Uncharted Territory
When Gene Bishop was diagnosed with Hodgkin lymphoma at age 18 in 1965, researchers had recently discovered that radiation for the cancer could lead to long-term survival. But the therapy that cured her cancer went on to cause heart problems, breast cancer and thyroid cancer, she writes in an essay in the Journal of Clinical Oncology. Now Bishop, who is a physician herself, has stage IV non-small cell lung cancer, also likely a result of her Hodgkin lymphoma treatment. It is likely to kill her. “Both my oncologist and I are living with the reminder that no treatment does only what we want it to do and that one year’s miracles may have serious consequences even 50 years later,” she writes. “And although some of these may be known, or theoretically possible, many are not even imagined until one, two, three or many case reports begin to appear and random events turn into warnings and known consequences.”
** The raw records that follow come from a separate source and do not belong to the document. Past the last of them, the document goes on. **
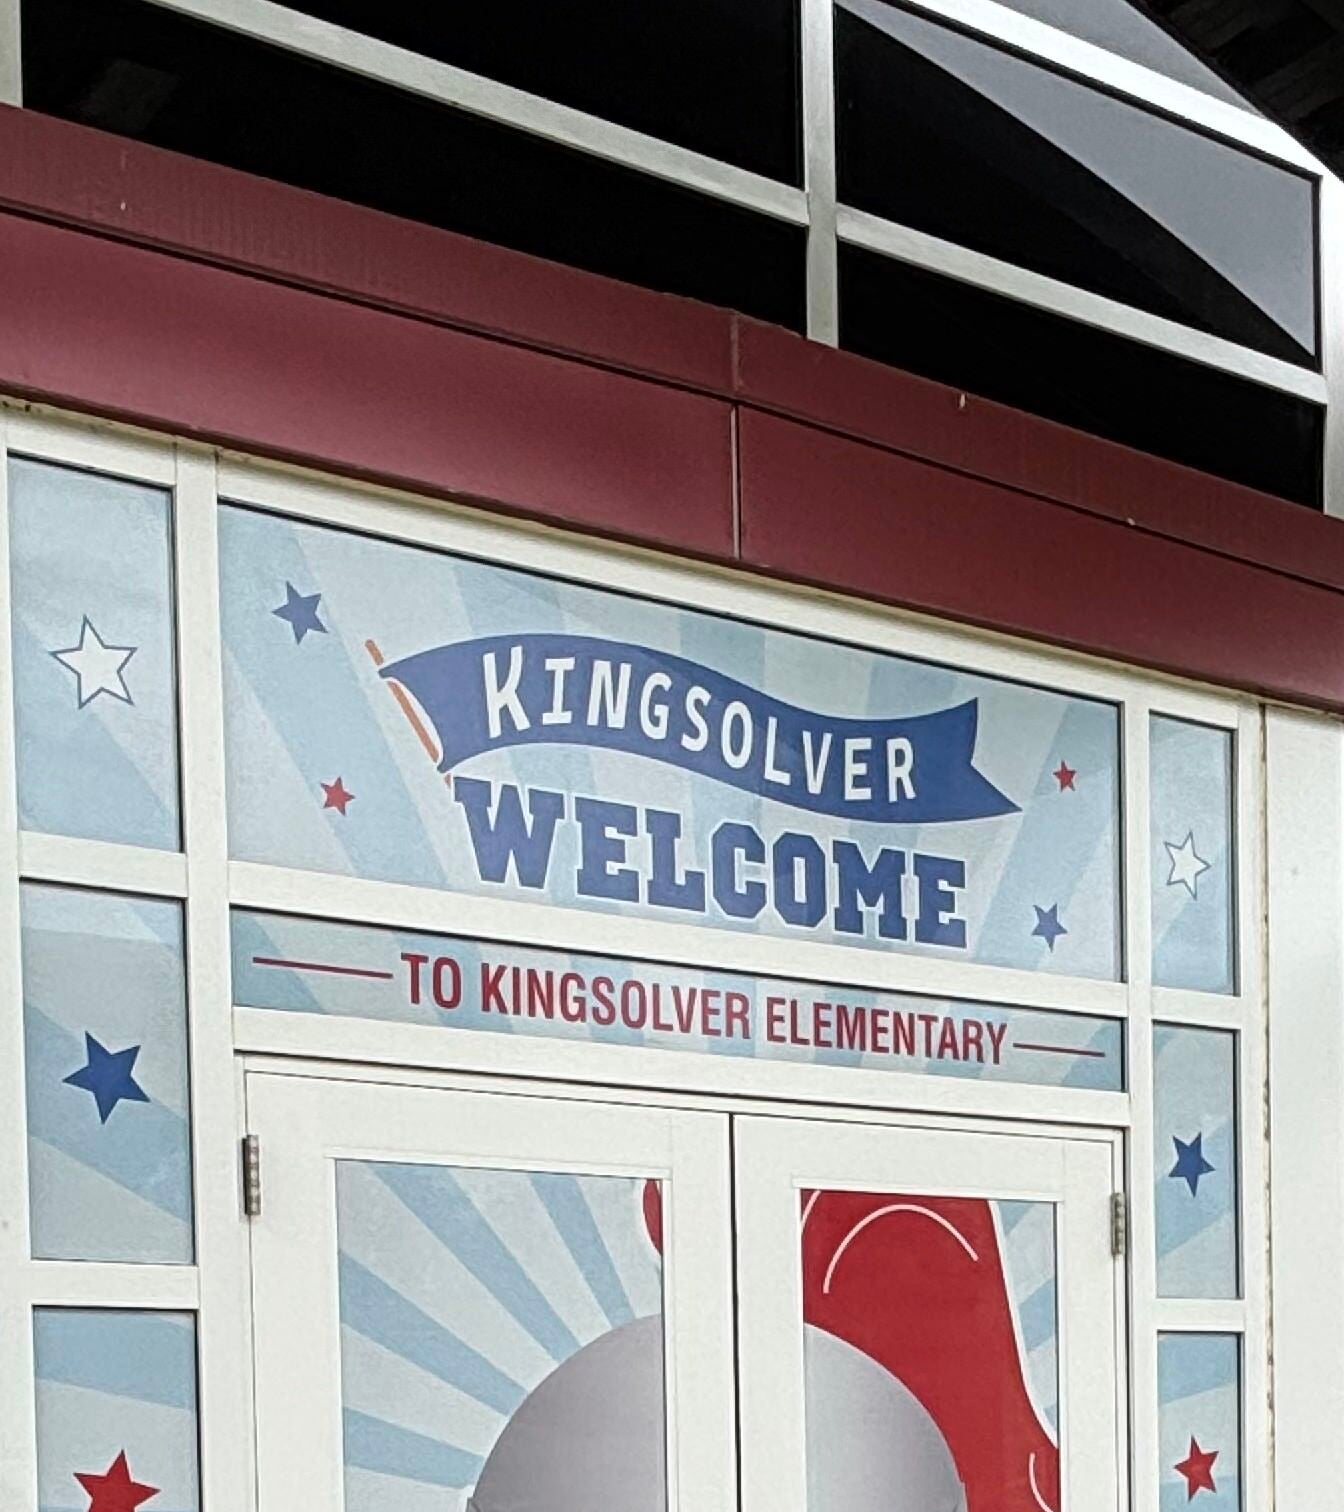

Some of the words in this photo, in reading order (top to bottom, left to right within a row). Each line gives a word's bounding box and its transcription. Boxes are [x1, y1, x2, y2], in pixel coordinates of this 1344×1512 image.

[482, 645, 917, 803] KINGSOLVER
[453, 776, 968, 950] WELCOME
[400, 952, 462, 1009] TO
[481, 963, 751, 1040] KINGSOLVER
[766, 997, 1008, 1066] ELEMENTARY
More Treatment Isn’t Necessarily Better
Patients with locally advanced uterine cancer fare similarly whether they receive a combination of chemotherapy and radiation after surgery or just chemotherapy after surgery, according to results of a phase III trial published June 13 in the New England Journal of Medicine. The researchers estimated that five years after treatment, 59% of patients who received both chemotherapy and radiation and 58% of those who received just chemotherapy would be alive and free of recurrence. At one time, standard therapy for these patients was radiation therapy alone. Nearly 15 years ago, a trial comparing chemotherapy and radiation showed that chemotherapy was superior. Today, many patients receive both radiation and chemotherapy, but the new study indicates that this is not necessary. “In general, in cancer care, if you can get the same result by using one therapy, there is no reason to use two,” Kevin Holcomb of Weill Cornell Medical College in New York City, who was not involved in the study, told Medscape Medical News.
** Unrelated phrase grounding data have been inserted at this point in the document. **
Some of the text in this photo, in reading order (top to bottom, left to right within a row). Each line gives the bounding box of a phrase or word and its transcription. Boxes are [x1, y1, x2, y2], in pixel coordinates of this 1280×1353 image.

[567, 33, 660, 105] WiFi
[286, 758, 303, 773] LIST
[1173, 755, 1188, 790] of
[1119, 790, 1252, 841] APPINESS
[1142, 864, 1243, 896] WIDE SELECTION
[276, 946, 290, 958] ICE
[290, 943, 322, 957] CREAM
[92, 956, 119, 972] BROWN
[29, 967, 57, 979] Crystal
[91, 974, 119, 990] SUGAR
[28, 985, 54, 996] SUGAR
New Immunotherapy Indications
The U.S. Food and Drug Administration (FDA) on June 10 approved the immune checkpoint inhibitor Keytruda (pembrolizumab) for initial treatment of head and neck cancer patients whose cancer is metastatic or has returned and cannot be removed surgically. Patients whose tumors express the protein PD-L1 can take Keytruda on its own. Others can take Keytruda combined with chemotherapy. Immunotherapy drugs have previously been approved for treatment of patients with advanced head cancer who have already tried chemotherapy.
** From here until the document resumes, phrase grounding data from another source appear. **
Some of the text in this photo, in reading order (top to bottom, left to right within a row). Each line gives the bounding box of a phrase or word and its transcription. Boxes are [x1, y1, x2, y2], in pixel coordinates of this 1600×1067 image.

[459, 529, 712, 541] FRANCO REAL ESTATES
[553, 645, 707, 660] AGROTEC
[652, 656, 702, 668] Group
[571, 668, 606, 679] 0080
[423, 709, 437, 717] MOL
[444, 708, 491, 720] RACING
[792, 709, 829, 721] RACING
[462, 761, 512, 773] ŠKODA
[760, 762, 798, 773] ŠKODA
A Targeted Therapy for Lymphoma
Some molecules are so toxic to cells that they cannot be given on their own as chemotherapy drugs. Antibody-drug conjugates are drugs made up of a drug attached to an antibody that targets specific cells, delivering the drug in a targeted fashion. On June 10, the FDA approved a new antibody-drug conjugate for treatment of patients with relapsed or refractory diffuse large B-cell lymphoma who have already tried two other therapies. Polivy (polatuzumab vedotin-piiq) is composed of an antibody that targets B cells linked to MMAE, a drug that is toxic to cells. Polivy is approved when given alongside another chemotherapy drug and rituximab or a biosimilar product.